Background information
- Born: Linda Gewargis 11 February 1964 (age 62) Baghdad, Iraq
- Origin: Chicago, United States
- Genres: Assyrian pop, dance-pop, folk
- Occupations: Singer, singer-songwriter
- Instruments: Vocals
- Years active: 1980–present
- Website: Official Linda George site

= Linda George (Assyrian singer) =

Linda George (ܠܢܕܐ ܓ̰ܘܪܓ̰; (Note: Sometimes written ܠܝܢܕܐ ܓ̰ܘܪܓ̰.) born 11 February 1964) is an Assyrian-American singer known for her sentimental ballads and dance songs. The vast majority of her songs are sung in her native Assyrian Neo-Aramaic dialect, though a few are in English, Surayt, and Arabic. She has written the lyrics for many of her songs.

George is one of the most well-known Assyrian singers, having toured Oceania, Europe and Asia.

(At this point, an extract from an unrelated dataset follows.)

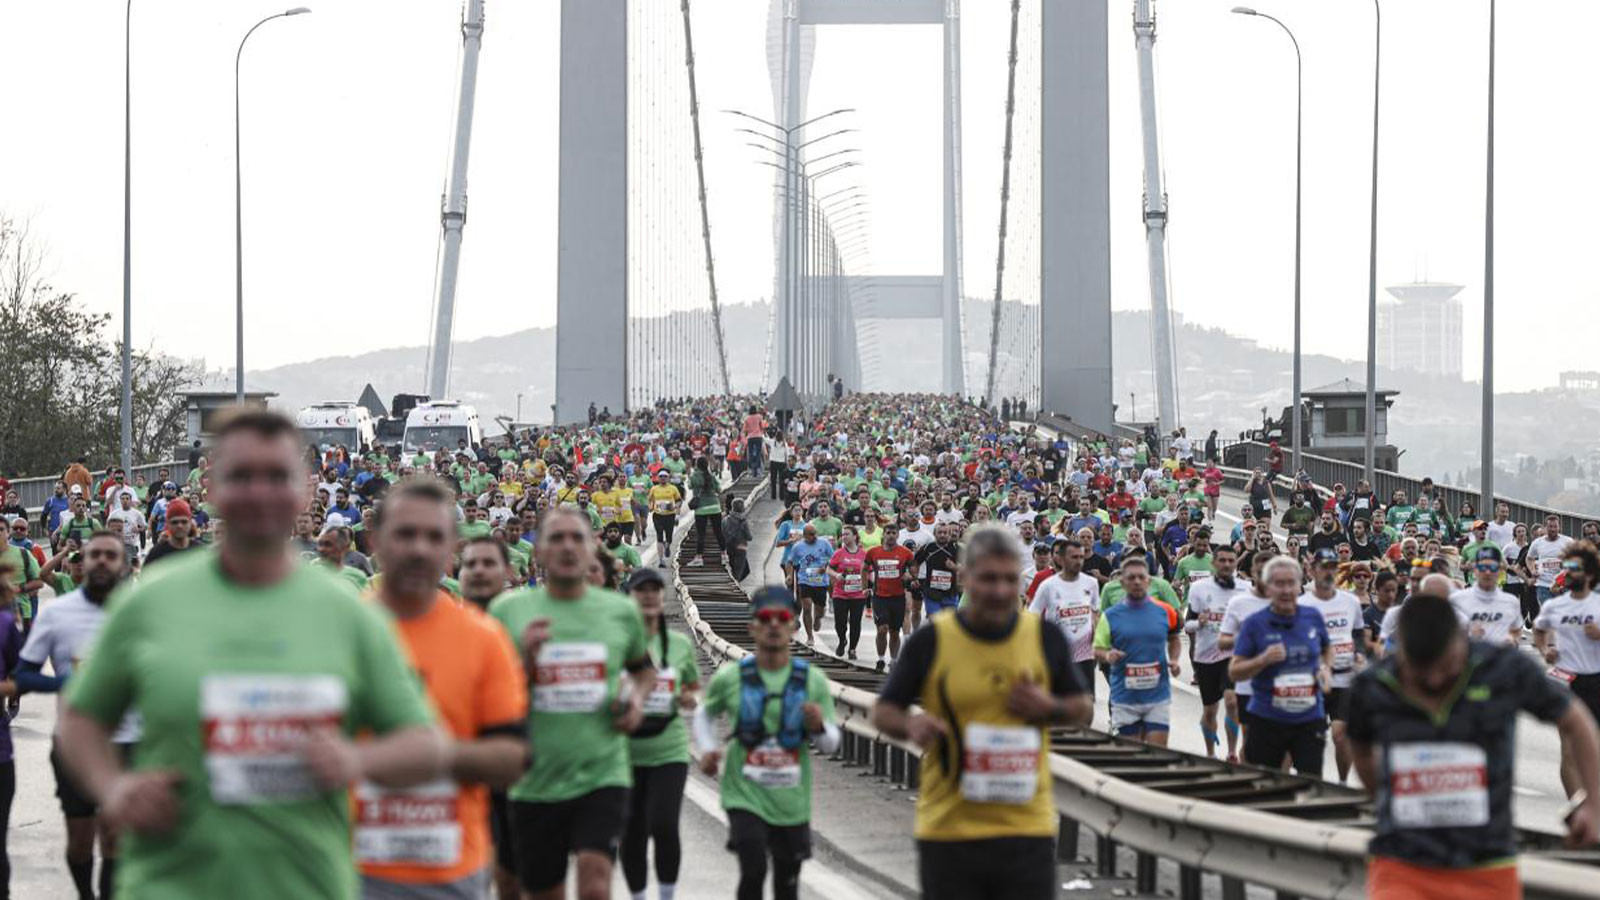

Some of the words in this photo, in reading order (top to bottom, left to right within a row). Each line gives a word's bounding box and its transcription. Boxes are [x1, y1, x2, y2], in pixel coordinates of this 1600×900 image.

[1471, 612, 1503, 622] BOLD
[1561, 615, 1594, 625] BOLD
[1326, 618, 1348, 628] OLD

She is the most liked Assyrian figure on Facebook. In 2010, Esquire magazine chose George as the representative from Iraq in a special, 194-nation edition of their Sexiest Woman Alive feature.

==Biography==

Linda George's family originates from the Hakkari region of Turkey. She is a Tyari from Ashitha in Hakkari province. They were displaced during World War I and were deported to Iraq. George has been singing since she was a little girl: her career began at the age of five. She was the church choir soloist in Baghdad, where she appeared on national television. At a young age, she never thought that singing will be her career path.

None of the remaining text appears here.